*** The data ***

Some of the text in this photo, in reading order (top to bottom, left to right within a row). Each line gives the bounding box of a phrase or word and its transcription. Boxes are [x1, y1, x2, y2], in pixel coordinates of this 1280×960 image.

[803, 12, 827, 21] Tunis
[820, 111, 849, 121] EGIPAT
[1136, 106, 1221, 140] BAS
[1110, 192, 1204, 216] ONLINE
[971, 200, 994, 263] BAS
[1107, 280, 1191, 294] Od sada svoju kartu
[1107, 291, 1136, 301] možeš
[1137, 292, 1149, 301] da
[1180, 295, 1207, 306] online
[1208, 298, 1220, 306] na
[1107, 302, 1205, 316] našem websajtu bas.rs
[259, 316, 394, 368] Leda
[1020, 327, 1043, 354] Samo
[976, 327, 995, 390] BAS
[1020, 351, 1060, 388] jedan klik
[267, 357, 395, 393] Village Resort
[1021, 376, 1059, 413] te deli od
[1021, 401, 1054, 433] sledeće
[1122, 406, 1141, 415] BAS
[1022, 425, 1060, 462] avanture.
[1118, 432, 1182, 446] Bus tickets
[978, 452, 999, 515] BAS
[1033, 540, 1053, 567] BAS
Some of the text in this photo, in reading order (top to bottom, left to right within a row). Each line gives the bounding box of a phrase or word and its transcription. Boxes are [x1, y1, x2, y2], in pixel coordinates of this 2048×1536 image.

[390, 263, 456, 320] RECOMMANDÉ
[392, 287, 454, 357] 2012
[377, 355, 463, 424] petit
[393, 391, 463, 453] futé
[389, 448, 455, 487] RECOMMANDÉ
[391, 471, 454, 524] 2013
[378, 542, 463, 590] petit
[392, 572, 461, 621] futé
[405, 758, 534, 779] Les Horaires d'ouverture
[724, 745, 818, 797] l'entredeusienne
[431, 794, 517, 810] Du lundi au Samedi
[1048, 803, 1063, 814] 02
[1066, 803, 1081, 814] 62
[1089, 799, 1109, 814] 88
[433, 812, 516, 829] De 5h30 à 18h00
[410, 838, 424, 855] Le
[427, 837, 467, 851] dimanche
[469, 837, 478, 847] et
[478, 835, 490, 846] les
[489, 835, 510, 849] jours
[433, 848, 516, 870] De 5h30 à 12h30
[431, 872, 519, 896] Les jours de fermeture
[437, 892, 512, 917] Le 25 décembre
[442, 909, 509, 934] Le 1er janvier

*** End of The data ***

Assignment. Repeat the records above exactly as they appear.

Output below.
Some of the text in this photo, in reading order (top to bottom, left to right within a row). Each line gives the bounding box of a phrase or word and its transcription. Boxes are [x1, y1, x2, y2], in pixel coordinates of this 1280×960 image.

[803, 12, 827, 21] Tunis
[820, 111, 849, 121] EGIPAT
[1136, 106, 1221, 140] BAS
[1110, 192, 1204, 216] ONLINE
[971, 200, 994, 263] BAS
[1107, 280, 1191, 294] Od sada svoju kartu
[1107, 291, 1136, 301] možeš
[1137, 292, 1149, 301] da
[1180, 295, 1207, 306] online
[1208, 298, 1220, 306] na
[1107, 302, 1205, 316] našem websajtu bas.rs
[259, 316, 394, 368] Leda
[1020, 327, 1043, 354] Samo
[976, 327, 995, 390] BAS
[1020, 351, 1060, 388] jedan klik
[267, 357, 395, 393] Village Resort
[1021, 376, 1059, 413] te deli od
[1021, 401, 1054, 433] sledeće
[1122, 406, 1141, 415] BAS
[1022, 425, 1060, 462] avanture.
[1118, 432, 1182, 446] Bus tickets
[978, 452, 999, 515] BAS
[1033, 540, 1053, 567] BAS
Some of the text in this photo, in reading order (top to bottom, left to right within a row). Each line gives the bounding box of a phrase or word and its transcription. Boxes are [x1, y1, x2, y2], in pixel coordinates of this 2048×1536 image.

[390, 263, 456, 320] RECOMMANDÉ
[392, 287, 454, 357] 2012
[377, 355, 463, 424] petit
[393, 391, 463, 453] futé
[389, 448, 455, 487] RECOMMANDÉ
[391, 471, 454, 524] 2013
[378, 542, 463, 590] petit
[392, 572, 461, 621] futé
[405, 758, 534, 779] Les Horaires d'ouverture
[724, 745, 818, 797] l'entredeusienne
[431, 794, 517, 810] Du lundi au Samedi
[1048, 803, 1063, 814] 02
[1066, 803, 1081, 814] 62
[1089, 799, 1109, 814] 88
[433, 812, 516, 829] De 5h30 à 18h00
[410, 838, 424, 855] Le
[427, 837, 467, 851] dimanche
[469, 837, 478, 847] et
[478, 835, 490, 846] les
[489, 835, 510, 849] jours
[433, 848, 516, 870] De 5h30 à 12h30
[431, 872, 519, 896] Les jours de fermeture
[437, 892, 512, 917] Le 25 décembre
[442, 909, 509, 934] Le 1er janvier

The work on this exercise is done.